* _ACTIVITY_
A faithful copy of all the data is required; pictures should not be included.

* _RECORDS FOR PROCESSING_
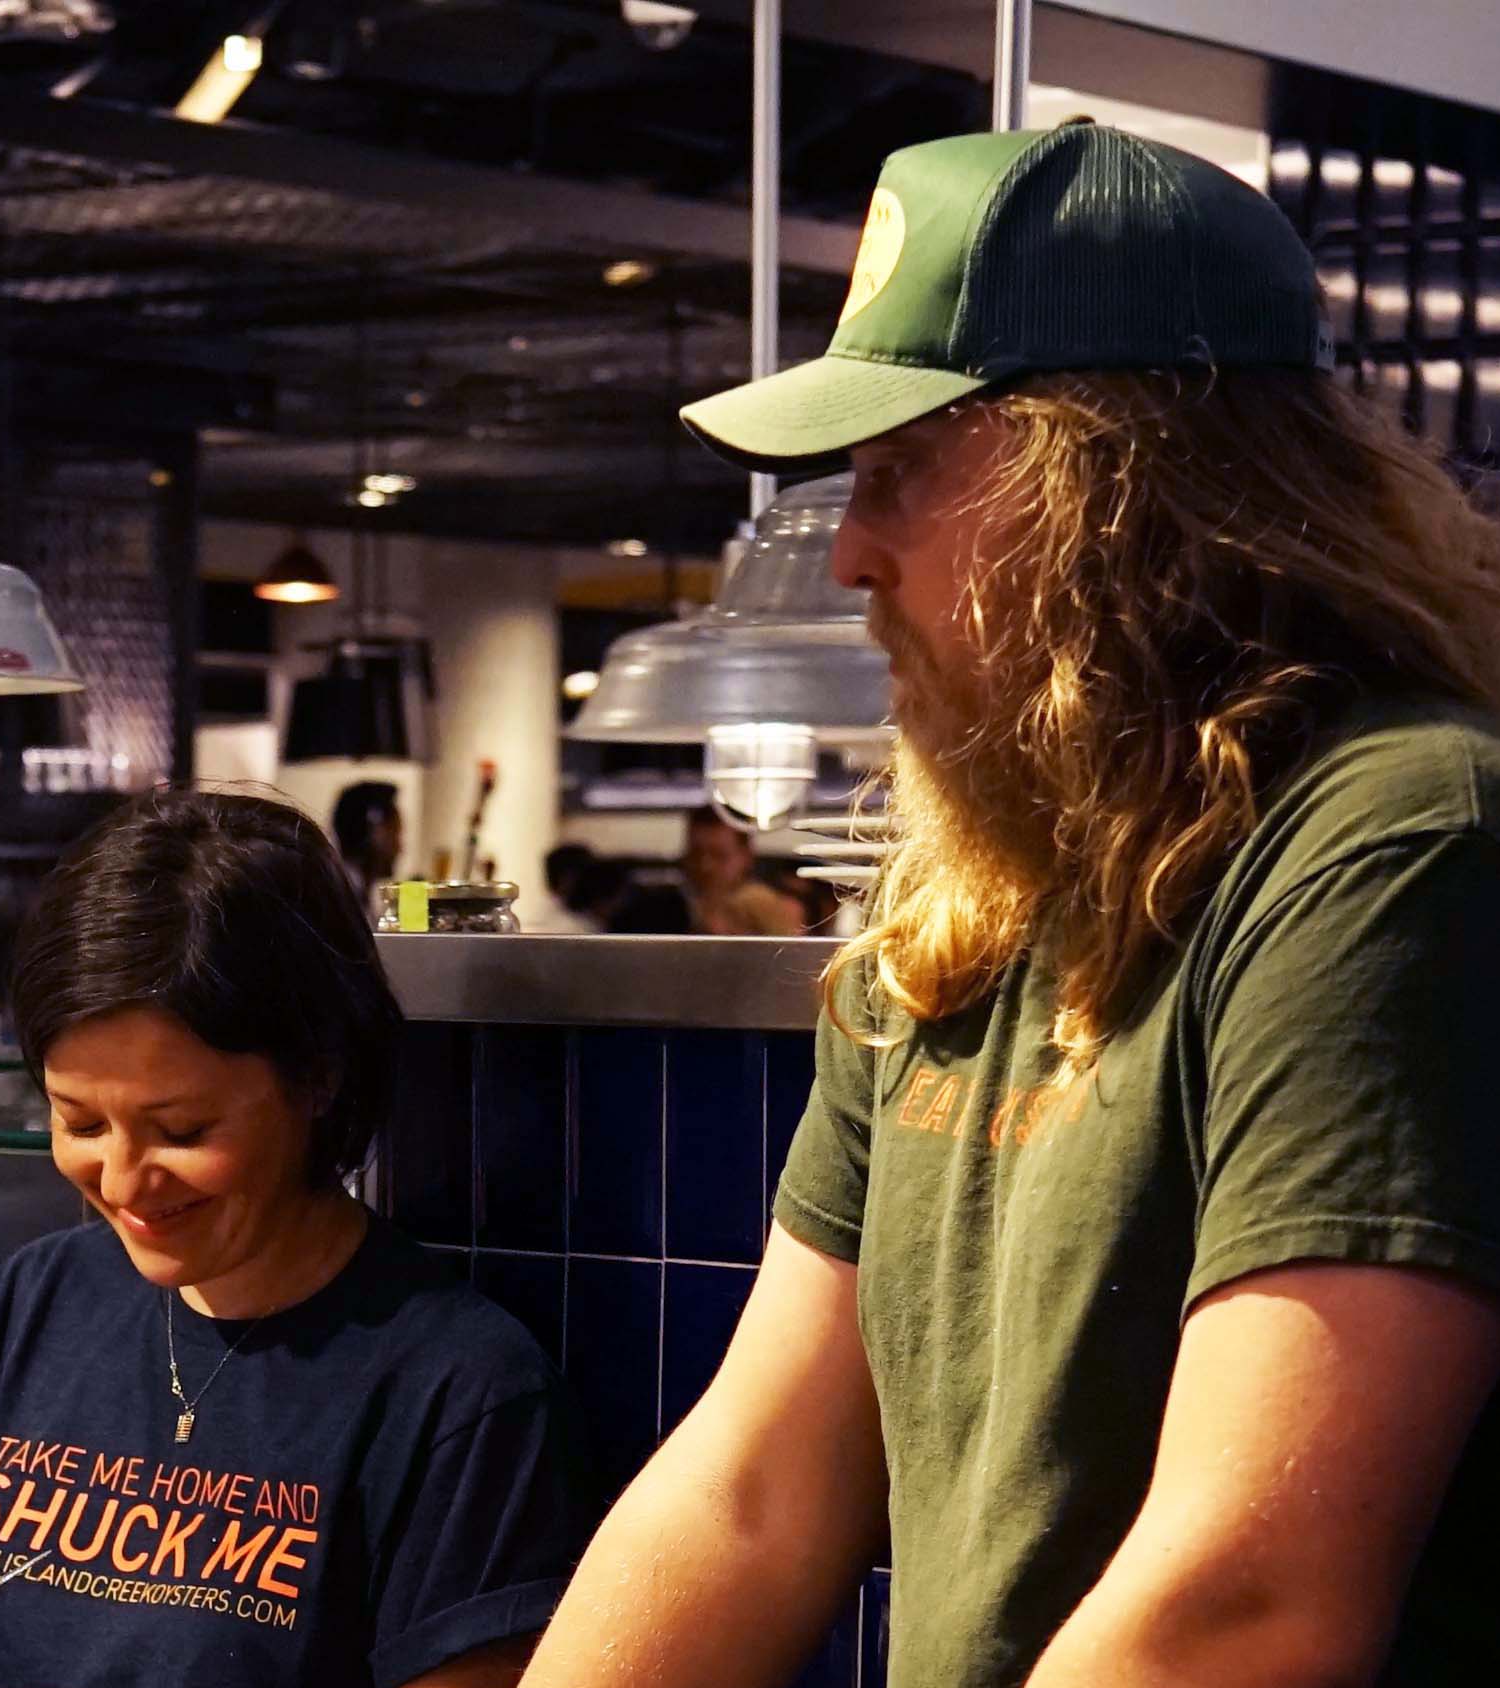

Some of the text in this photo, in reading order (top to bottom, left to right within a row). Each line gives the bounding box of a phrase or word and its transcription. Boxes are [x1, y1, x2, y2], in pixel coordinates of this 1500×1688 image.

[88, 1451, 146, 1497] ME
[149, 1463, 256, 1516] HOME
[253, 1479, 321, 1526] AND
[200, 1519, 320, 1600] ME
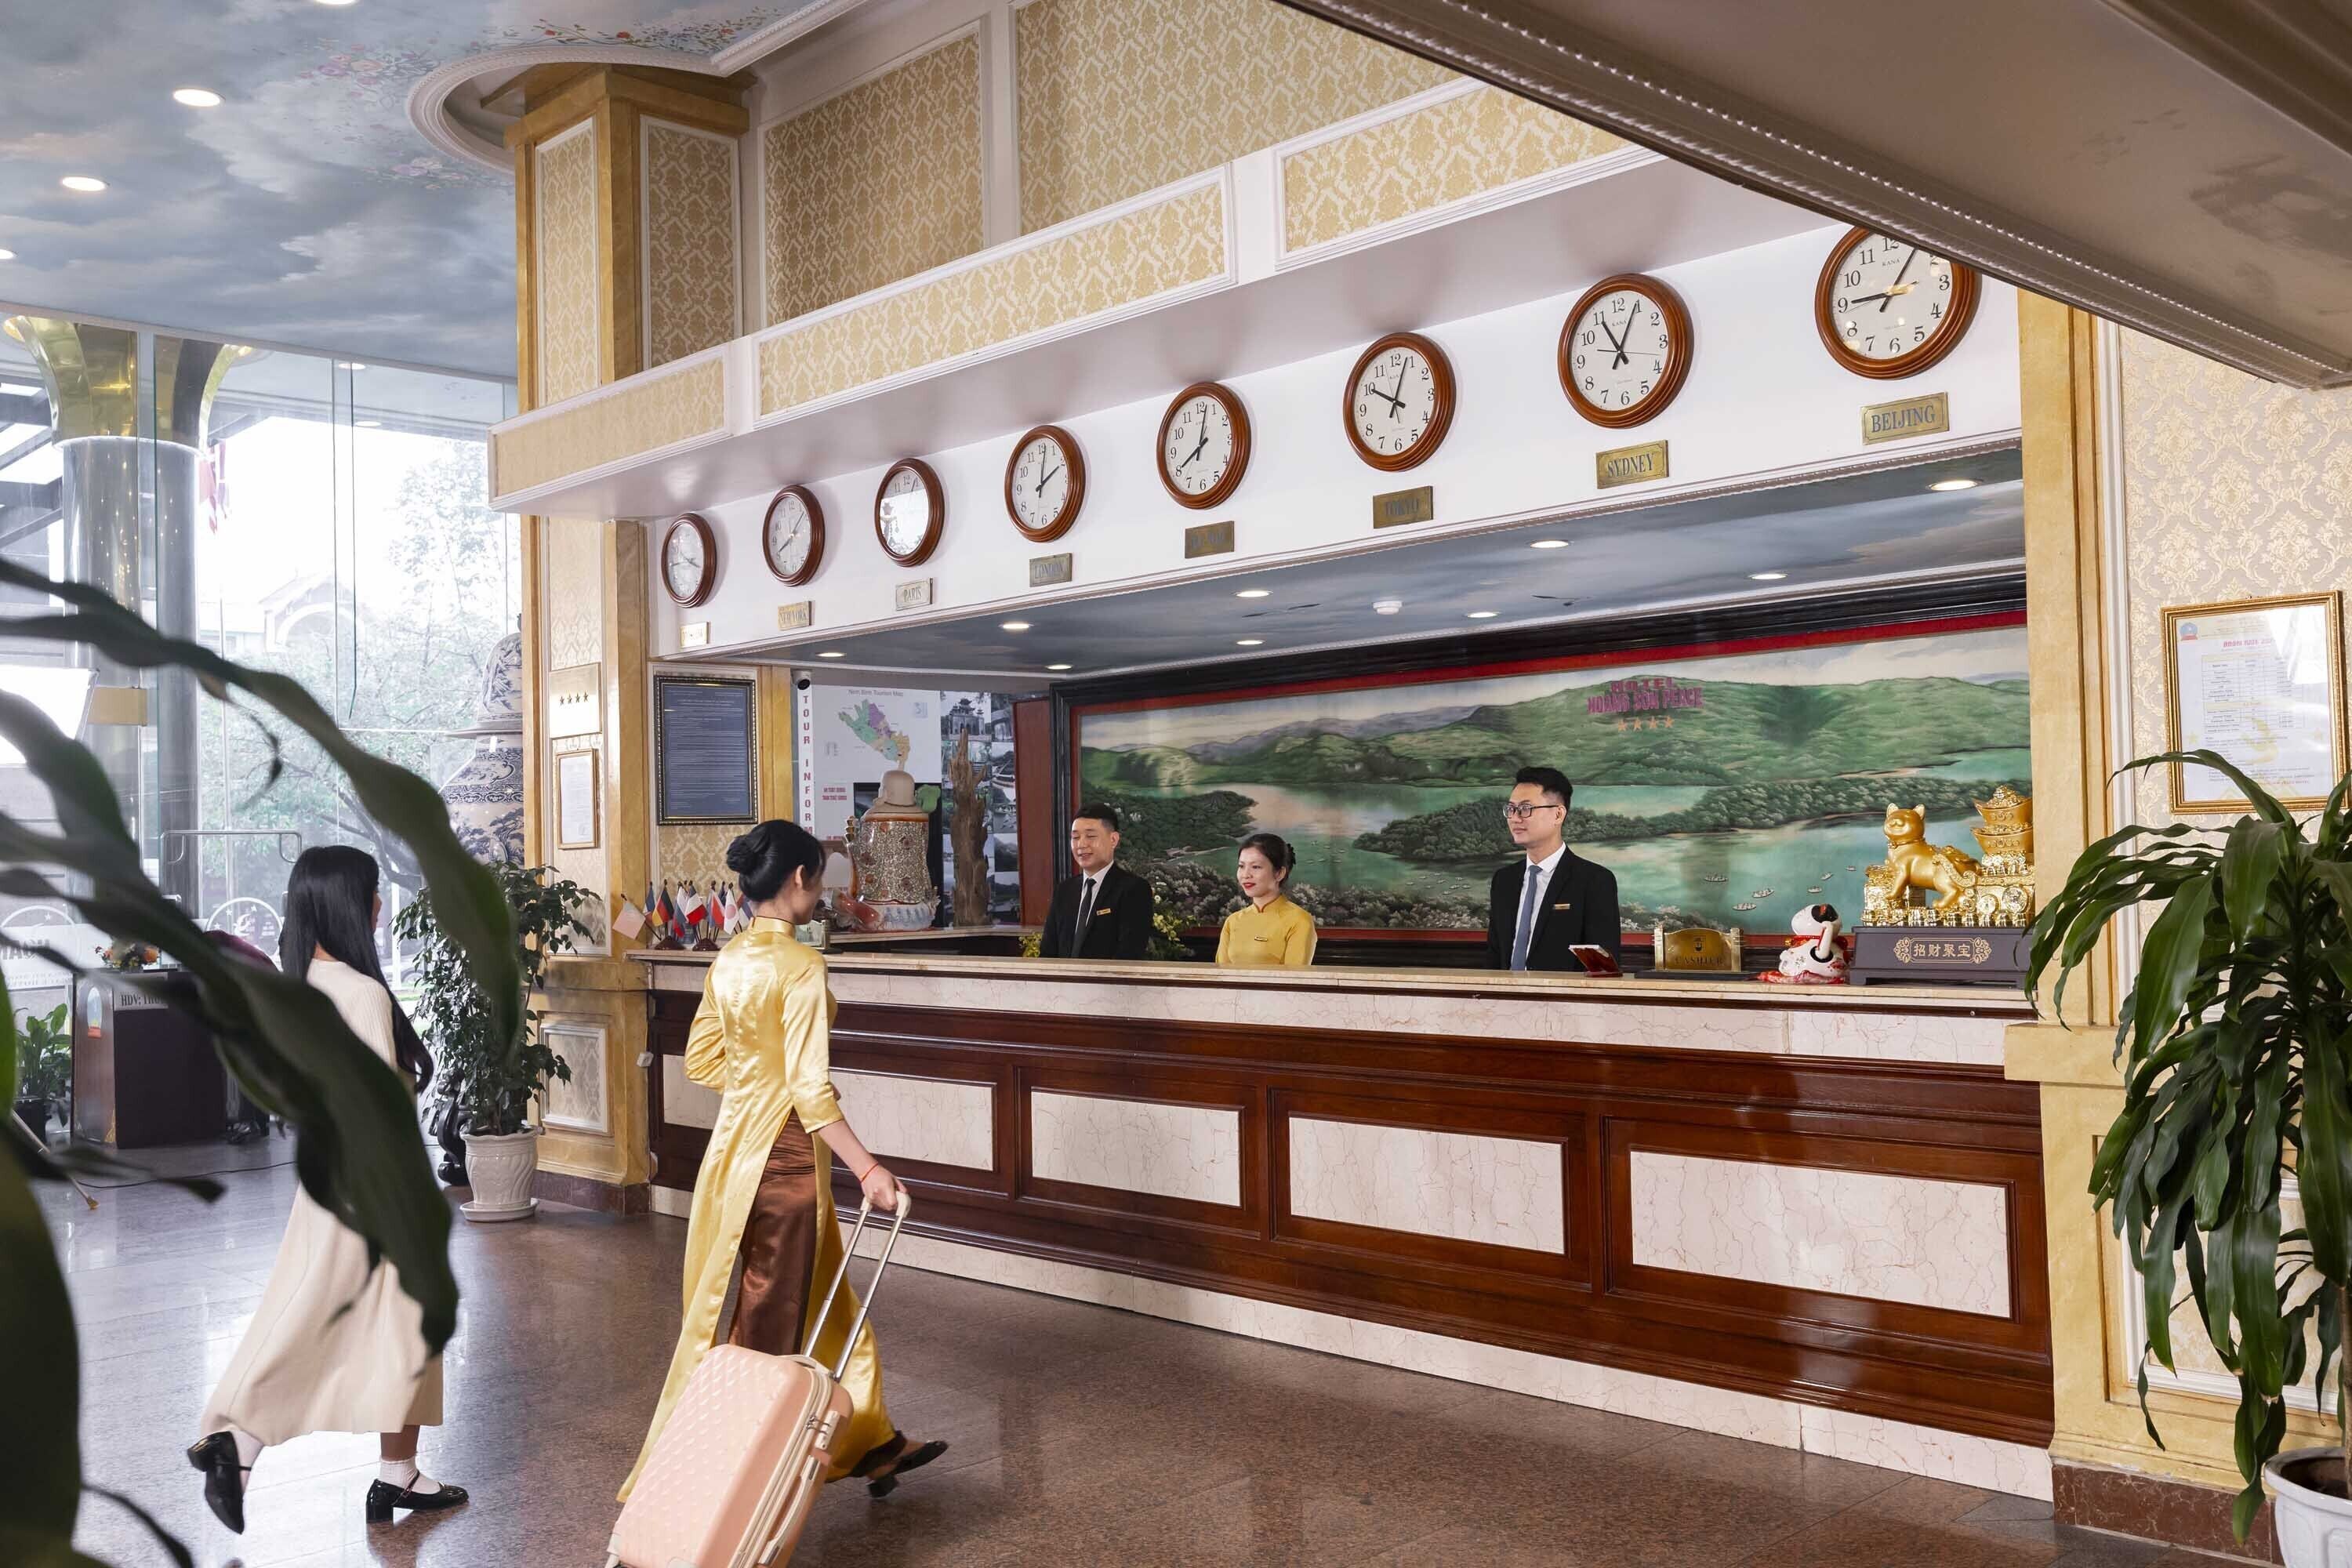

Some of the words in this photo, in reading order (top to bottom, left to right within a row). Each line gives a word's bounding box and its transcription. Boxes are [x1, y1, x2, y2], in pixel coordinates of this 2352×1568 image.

* _SOLUTION FOR THIS PROBLEM_
Some of the text in this photo, in reading order (top to bottom, left to right within a row). Each line gives the bounding box of a phrase or word and its transcription. Boxes are [x1, y1, x2, y2], in pixel coordinates of this 1500×1688 image.

[88, 1451, 146, 1497] ME
[149, 1463, 256, 1516] HOME
[253, 1479, 321, 1526] AND
[200, 1519, 320, 1600] ME

Some of the words in this photo, in reading order (top to bottom, left to right within a row). Each line gives a word's bounding box and its transcription. Boxes are [x1, y1, x2, y2], in pixel coordinates of this 2352×1568 image.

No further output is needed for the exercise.